Originally Posted by *repo_man*


You should have a chance at winning, I stepped out of Intermediate and into Pro this year.









I'm still collecting stuff for my mod. All I can say is copper, lots of it.










Thanks for the vote of confidence, I think...







I have been working at mine lately and I am really starting to get stoked about it. All I can say at this point is that it is going to be very striking visually...

Still can't come up with a name that fits.


----------



## repo_man

Quote:



Originally Posted by *nckid4u*


Thanks for the vote of confidence, I think...







I have been working at mine lately and I am really starting to get stoked about it.
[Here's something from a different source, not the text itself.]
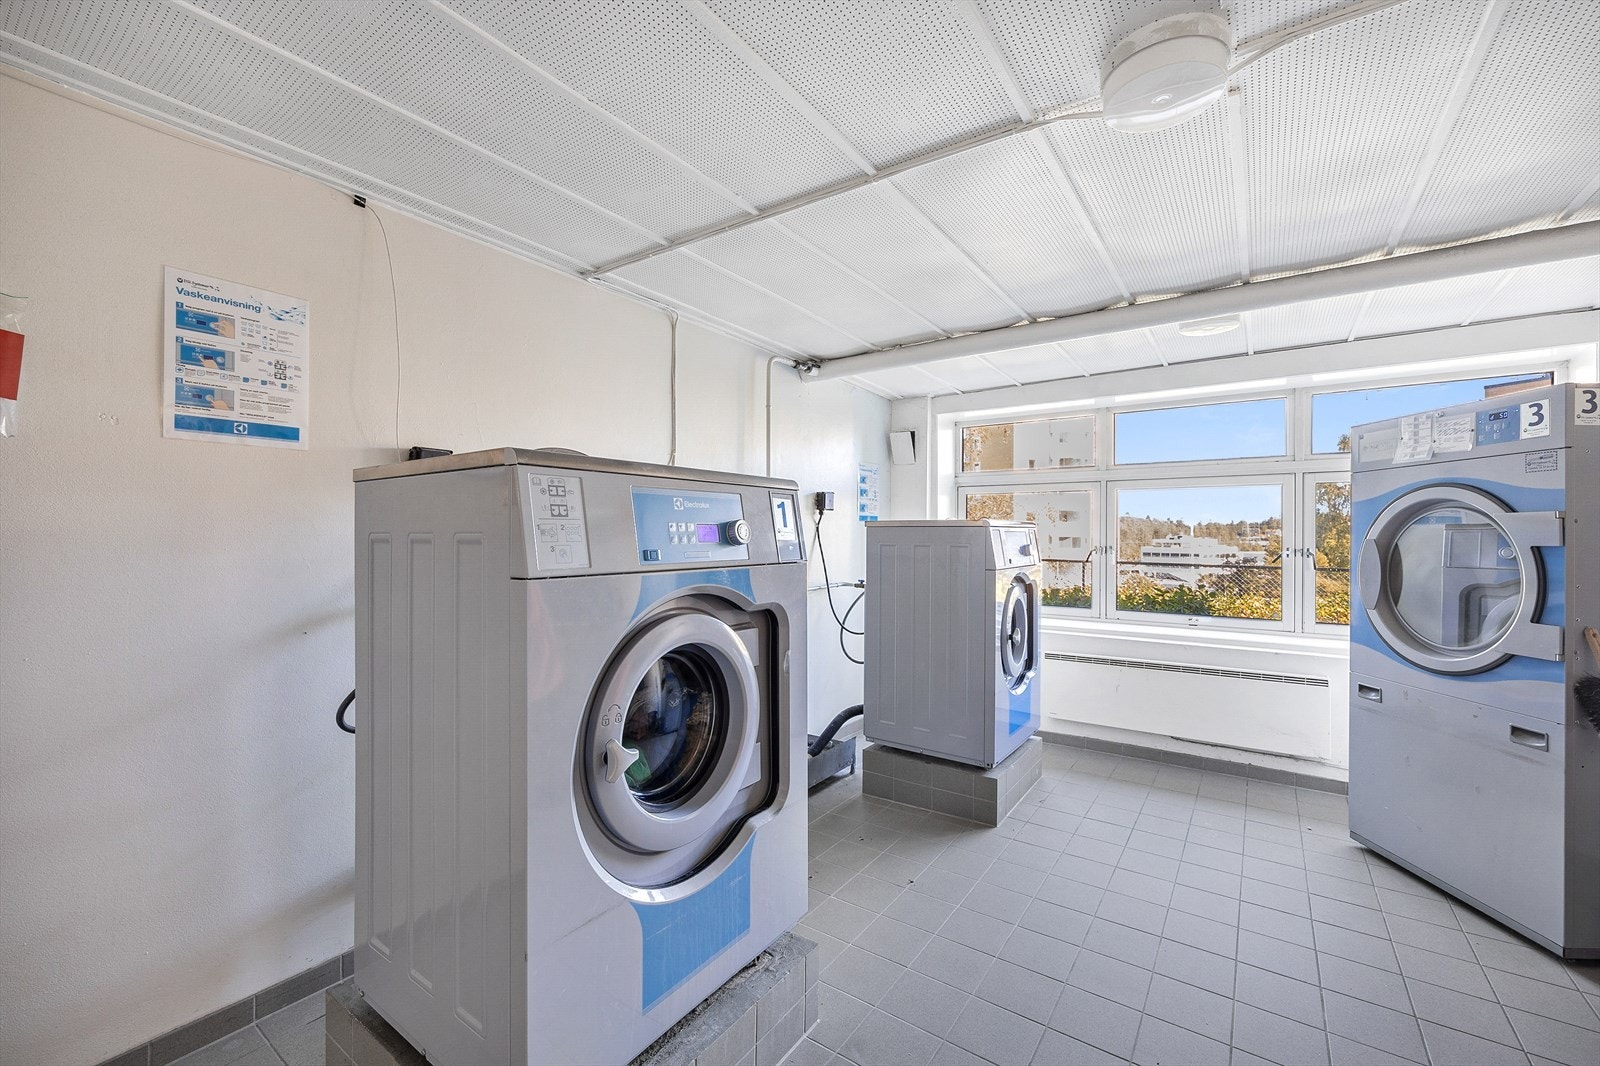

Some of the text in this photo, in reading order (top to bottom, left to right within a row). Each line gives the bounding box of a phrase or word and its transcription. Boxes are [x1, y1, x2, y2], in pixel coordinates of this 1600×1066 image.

All I can say at this point is that it is going to be very striking visually...

Still can't come up with a name that fits.
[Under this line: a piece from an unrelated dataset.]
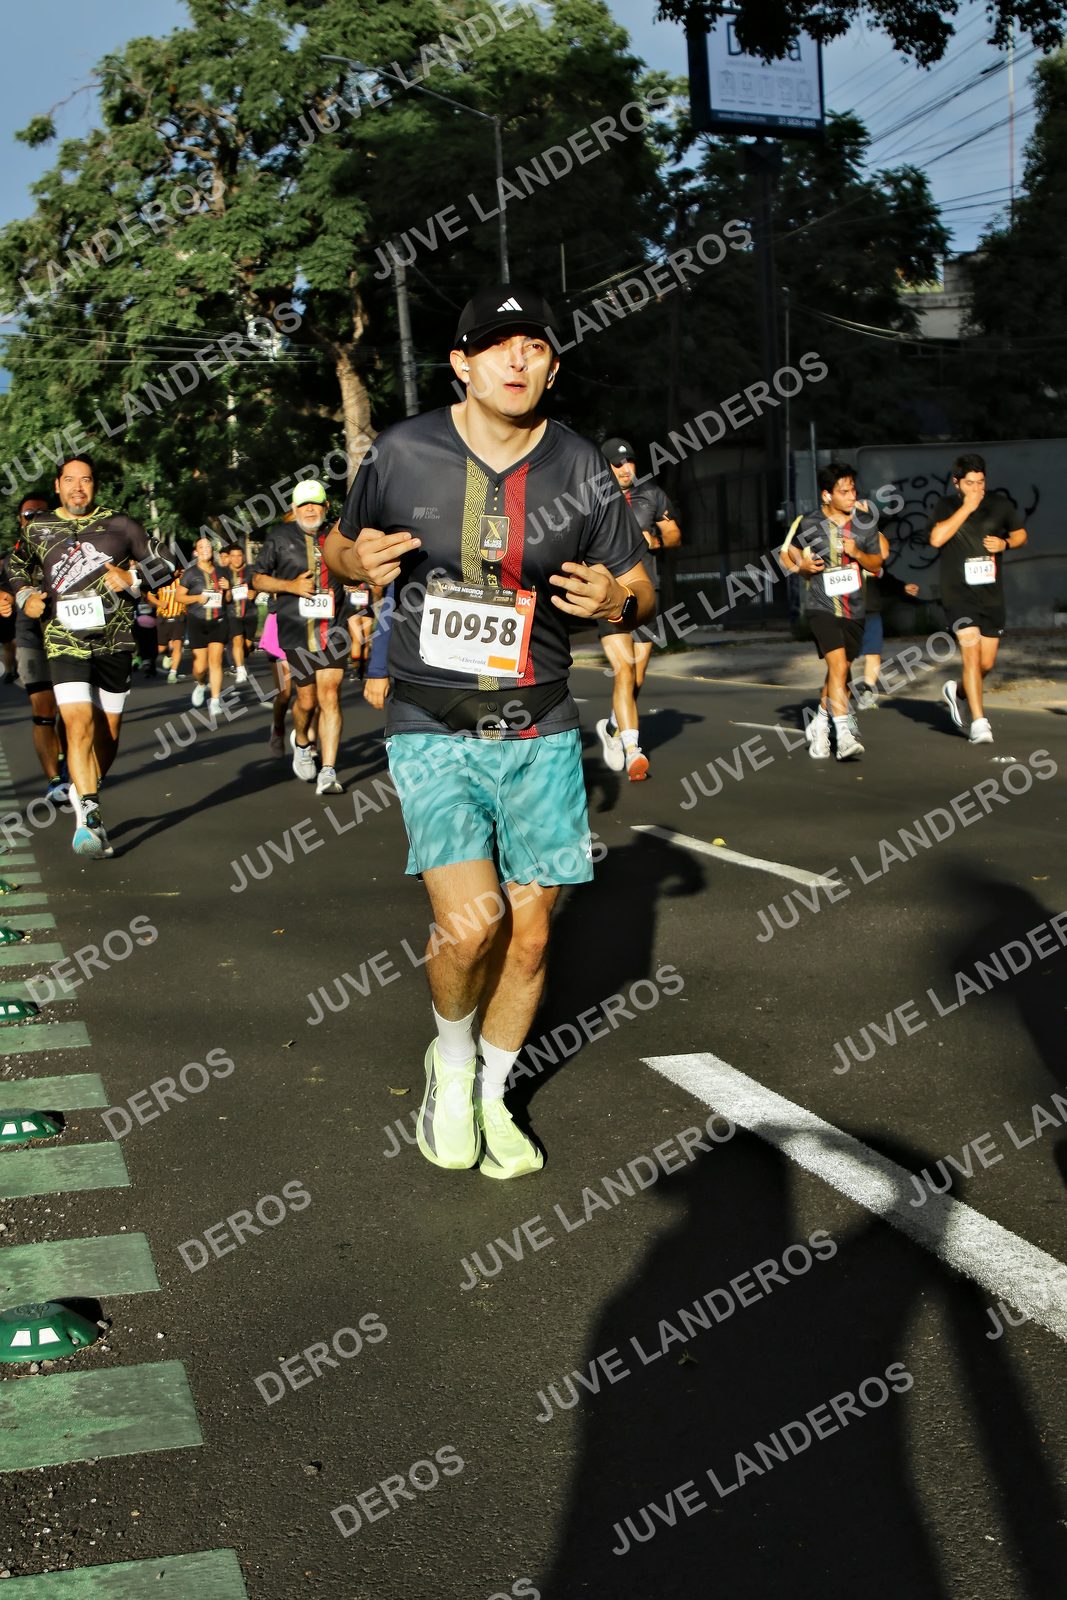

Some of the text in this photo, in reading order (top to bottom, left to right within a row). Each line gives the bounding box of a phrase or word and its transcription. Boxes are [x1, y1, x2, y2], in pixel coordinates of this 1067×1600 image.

I'm just trash-talking in good fun, lol. I can't wait to see the entry mate! I -just- came up with a name for mine this week. Naming the rig is the hardest part for me.


----------



## pheoxs

I still can't think of a name for mine.

Oh, are we allowed posting teaser pictures







Though it may discourage people seeing how awesome mine is...


----------



## radodrill

Quote:



Originally Posted by *pheoxs*


I still can't think of a name for mine.

Oh, are we allowed posting teaser pictures







Though it may discourage people seeing how awesome mine is...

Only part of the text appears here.